Problem requirements → Write every line below out again exactly, images omitted.

Data for analysis →
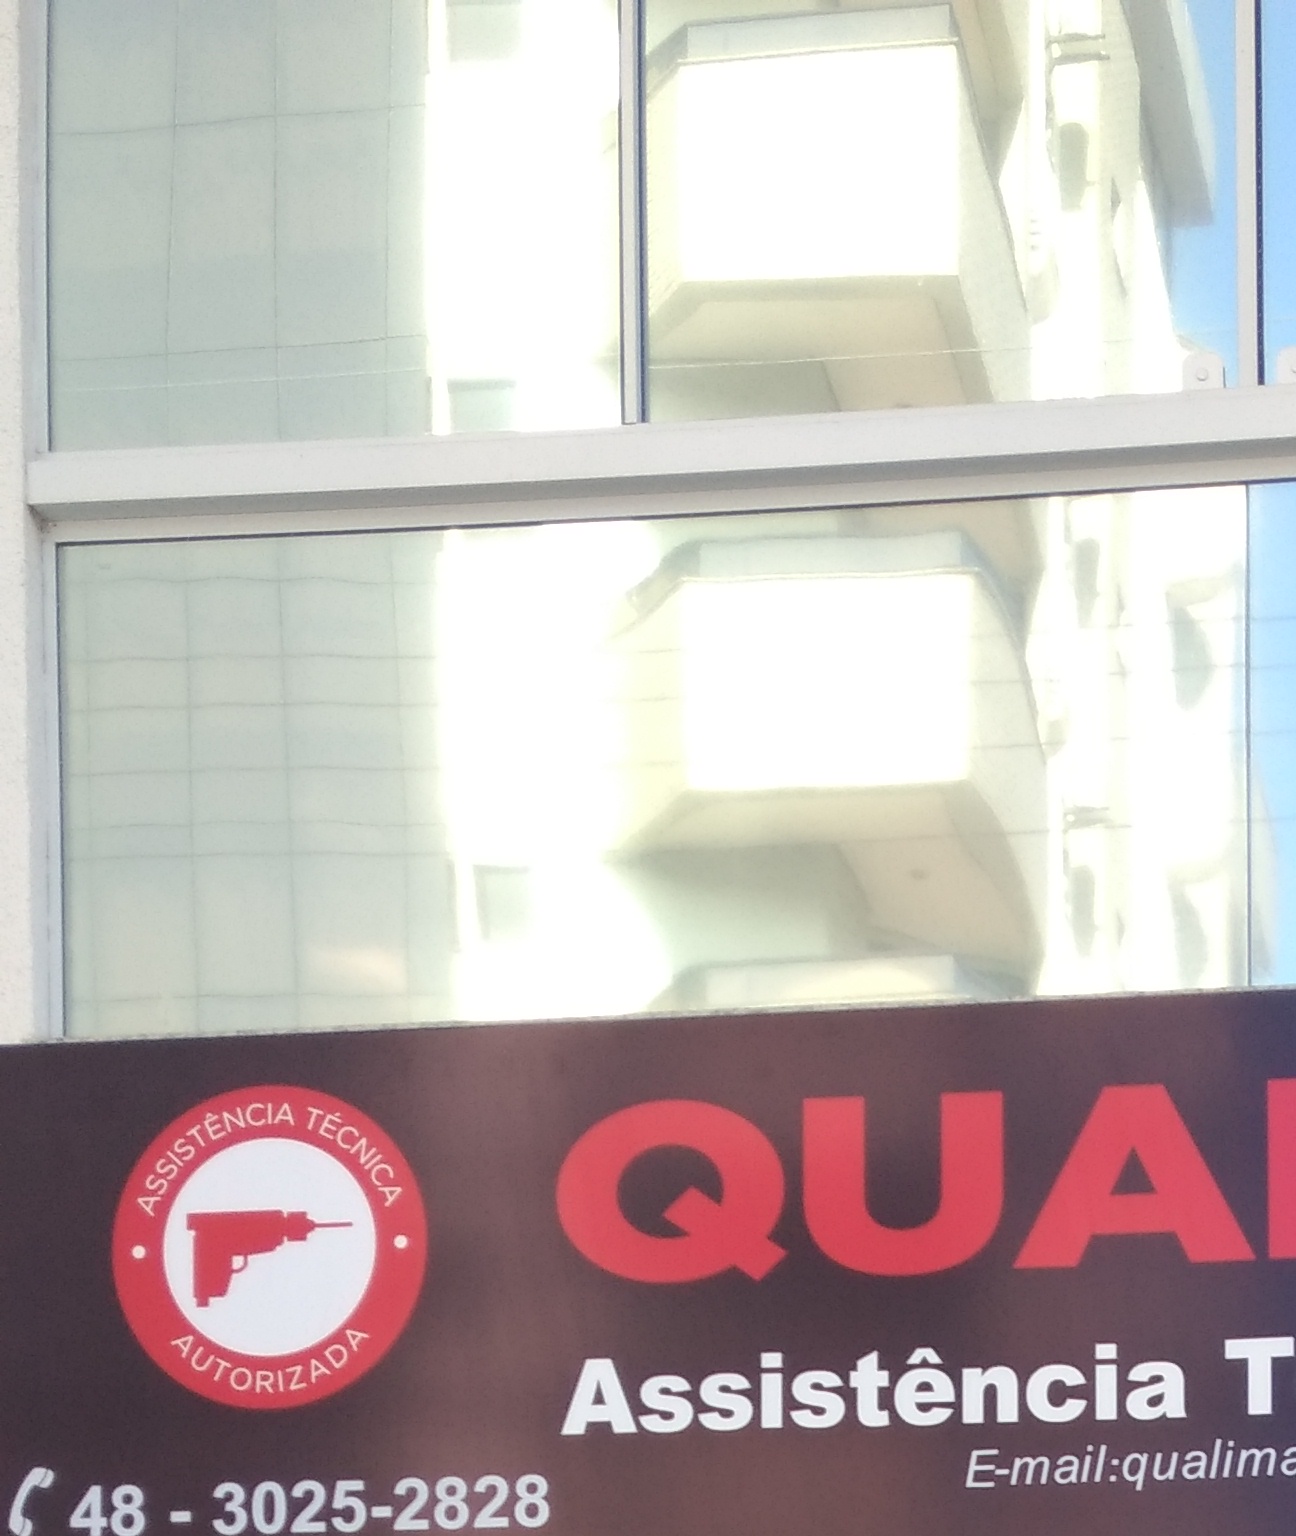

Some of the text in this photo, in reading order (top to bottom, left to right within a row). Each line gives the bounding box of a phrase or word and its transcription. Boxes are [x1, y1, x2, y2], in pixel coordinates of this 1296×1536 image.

[136, 1101, 404, 1217] ASSISTÊNCIA TÉCNICA
[170, 1323, 371, 1395] AUTORIZADA
[561, 1342, 1188, 1436] Assistência
[212, 1474, 551, 1535] 3025-2828
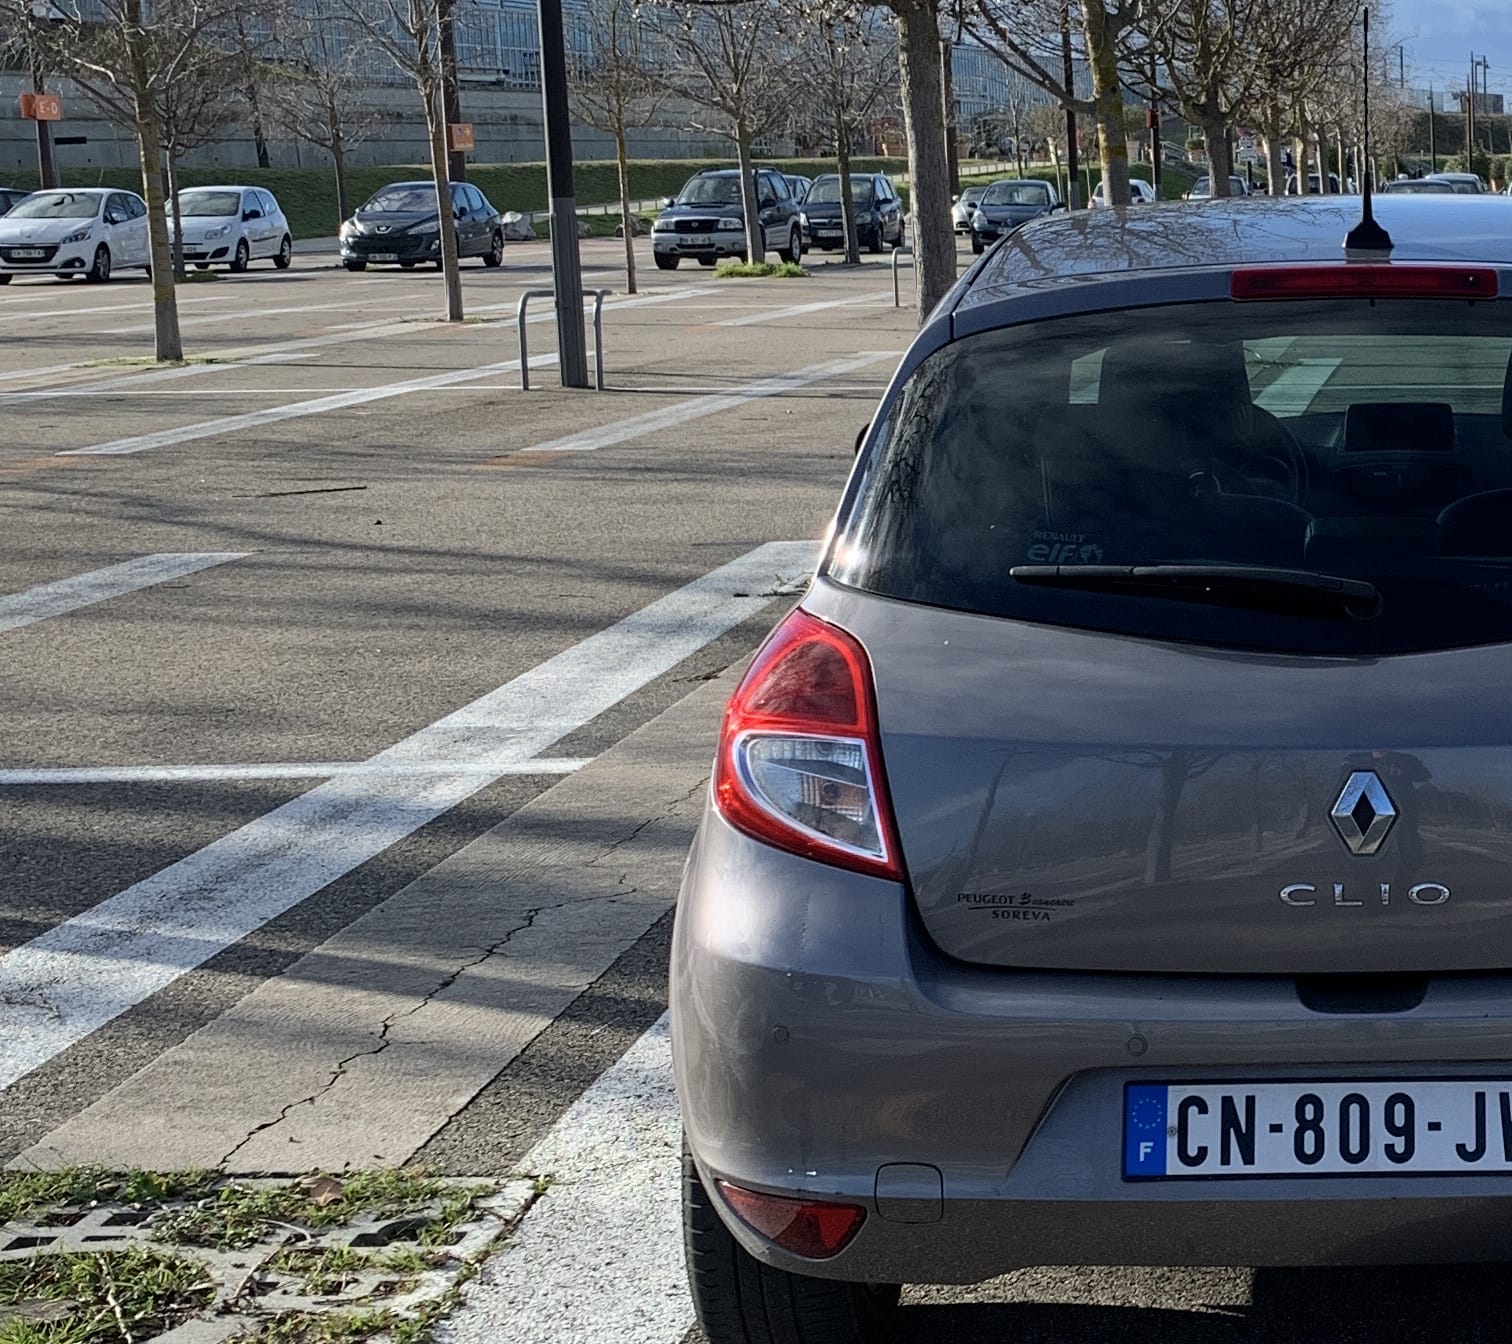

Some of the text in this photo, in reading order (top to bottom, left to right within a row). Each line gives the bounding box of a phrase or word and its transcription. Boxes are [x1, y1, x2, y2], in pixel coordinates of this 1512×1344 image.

[1033, 530, 1085, 543] RENAULT
[957, 893, 1014, 905] PEUGEOT
[1279, 882, 1451, 906] CLIO
[991, 909, 1051, 921] SOREVA
[1139, 1141, 1155, 1162] F
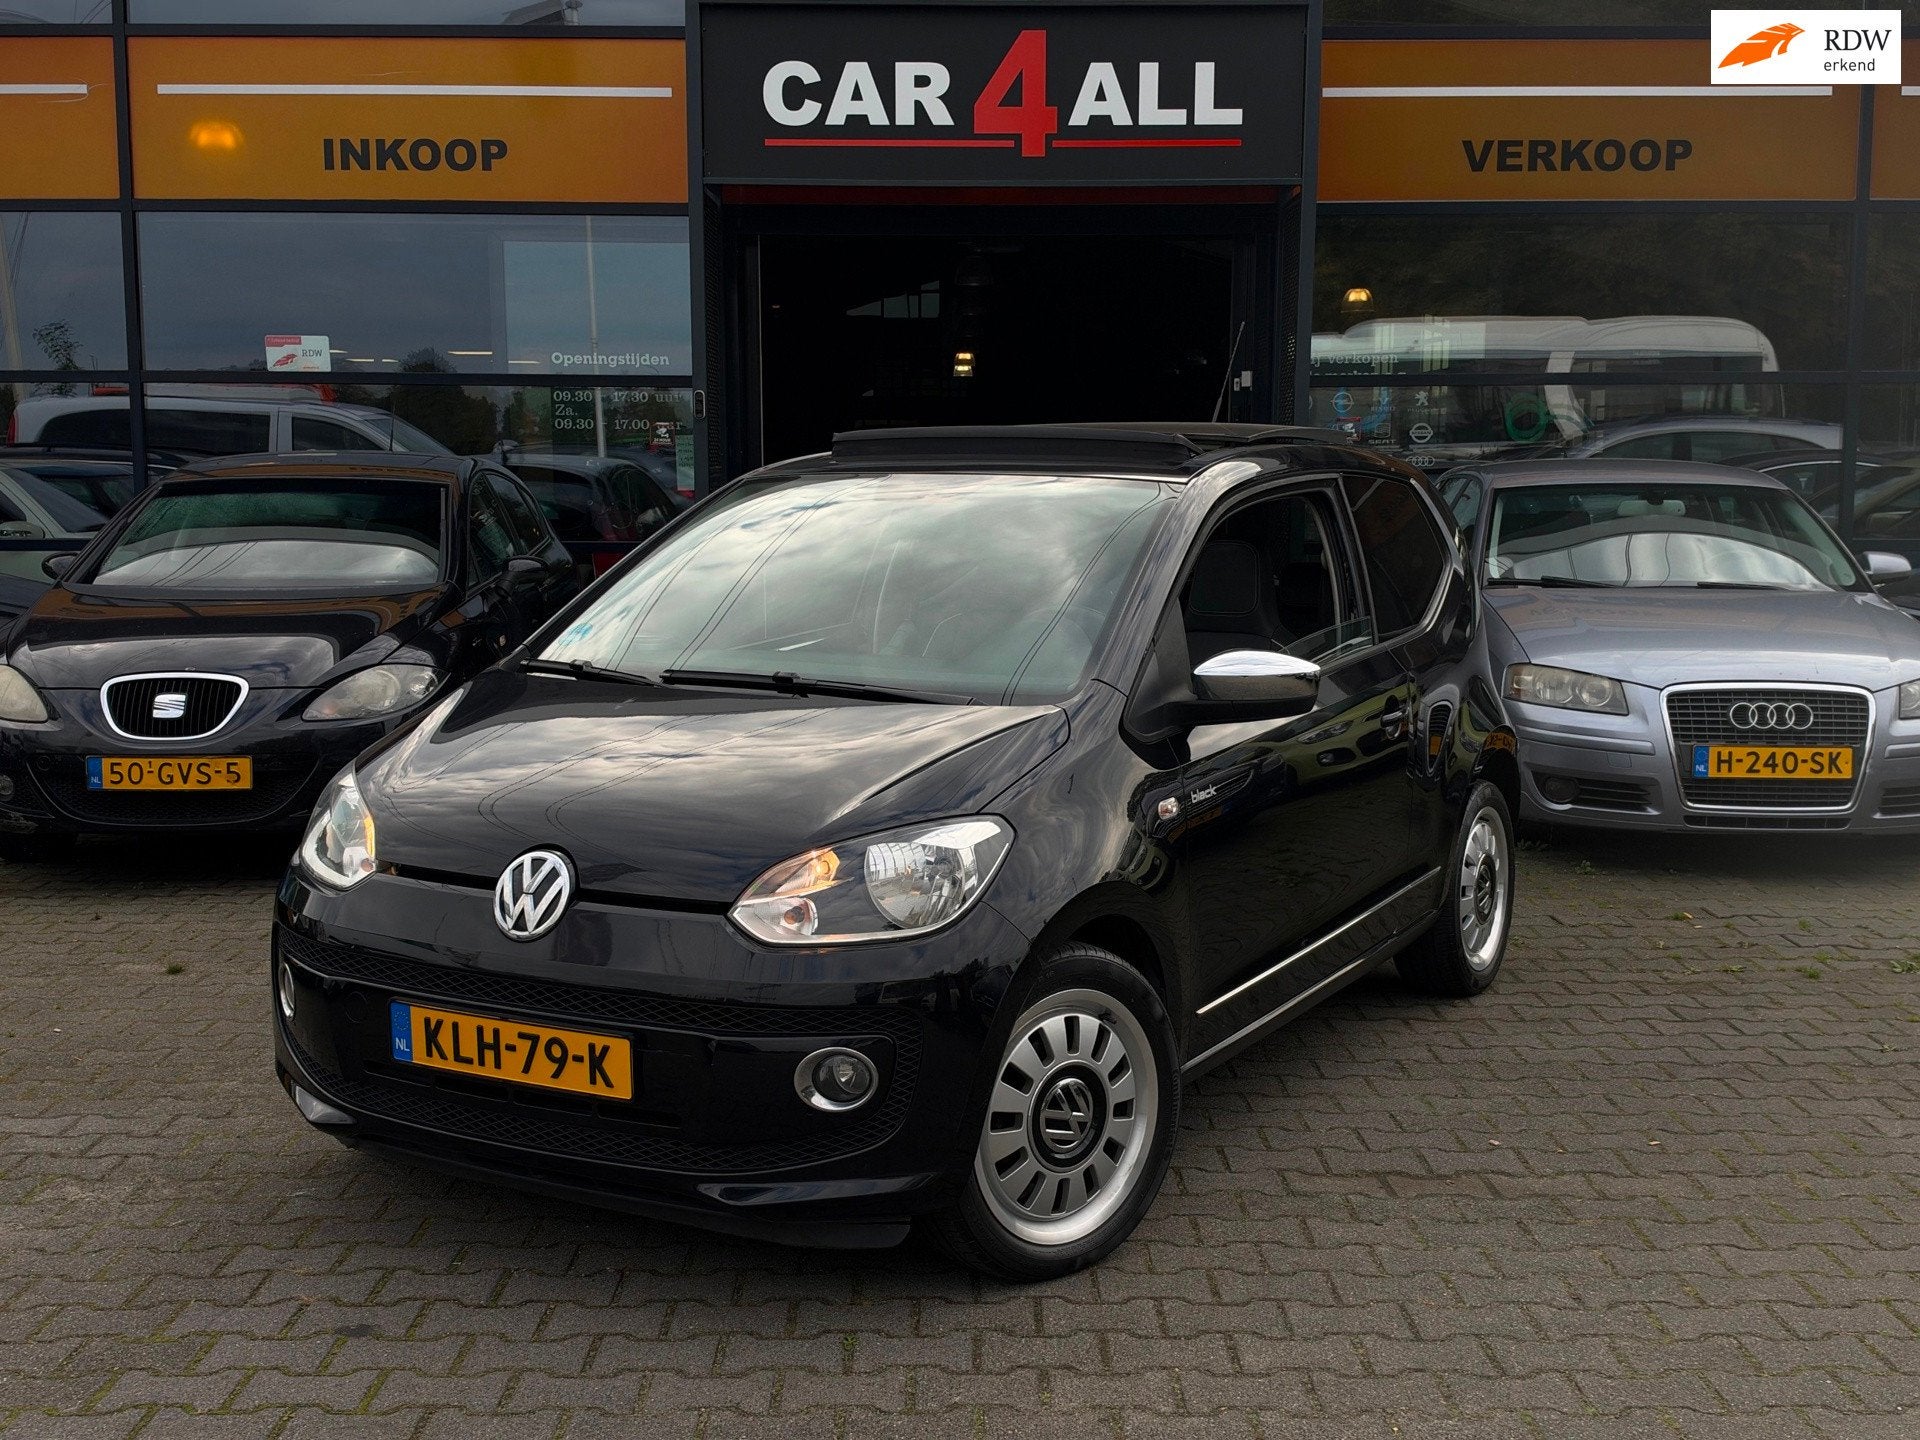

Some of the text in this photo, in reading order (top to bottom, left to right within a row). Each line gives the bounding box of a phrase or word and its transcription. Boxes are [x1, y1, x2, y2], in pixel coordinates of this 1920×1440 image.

[762, 29, 1244, 157] CAR 4 ALL
[321, 138, 509, 172] INKOOP
[1461, 138, 1694, 172] VERKOOP
[302, 349, 323, 357] RDW
[551, 351, 670, 368] Openingstijden
[1327, 352, 1400, 367] verkopen
[553, 390, 593, 402] 09.30
[612, 391, 649, 403] 17.30
[555, 404, 578, 416] Za.
[554, 419, 594, 430] 09.30
[614, 419, 650, 430] 17.00
[1695, 764, 1707, 772] NL
[1716, 751, 1842, 774] H-240-SK
[90, 776, 101, 784] NL
[1190, 783, 1217, 803] black
[395, 1037, 410, 1052] NL
[423, 1015, 615, 1089] KLH-79-K

Task output →
Some of the text in this photo, in reading order (top to bottom, left to right within a row). Each line gives the bounding box of a phrase or word and its transcription. Boxes are [x1, y1, x2, y2], in pixel coordinates of this 1296×1536 image.

[136, 1101, 404, 1217] ASSISTÊNCIA TÉCNICA
[170, 1323, 371, 1395] AUTORIZADA
[561, 1342, 1188, 1436] Assistência
[212, 1474, 551, 1535] 3025-2828

Some of the text in this photo, in reading order (top to bottom, left to right within a row). Each line gives the bounding box of a phrase or word and its transcription. Boxes are [x1, y1, x2, y2], in pixel coordinates of this 1512×1344 image.

[1033, 530, 1085, 543] RENAULT
[957, 893, 1014, 905] PEUGEOT
[1279, 882, 1451, 906] CLIO
[991, 909, 1051, 921] SOREVA
[1139, 1141, 1155, 1162] F

Some of the text in this photo, in reading order (top to bottom, left to right within a row). Each line gives the bounding box of a phrase or word and its transcription. Boxes are [x1, y1, x2, y2], in pixel coordinates of this 1920×1440 image.

[762, 29, 1244, 157] CAR 4 ALL
[321, 138, 509, 172] INKOOP
[1461, 138, 1694, 172] VERKOOP
[302, 349, 323, 357] RDW
[551, 351, 670, 368] Openingstijden
[1327, 352, 1400, 367] verkopen
[553, 390, 593, 402] 09.30
[612, 391, 649, 403] 17.30
[555, 404, 578, 416] Za.
[554, 419, 594, 430] 09.30
[614, 419, 650, 430] 17.00
[1695, 764, 1707, 772] NL
[1716, 751, 1842, 774] H-240-SK
[90, 776, 101, 784] NL
[1190, 783, 1217, 803] black
[395, 1037, 410, 1052] NL
[423, 1015, 615, 1089] KLH-79-K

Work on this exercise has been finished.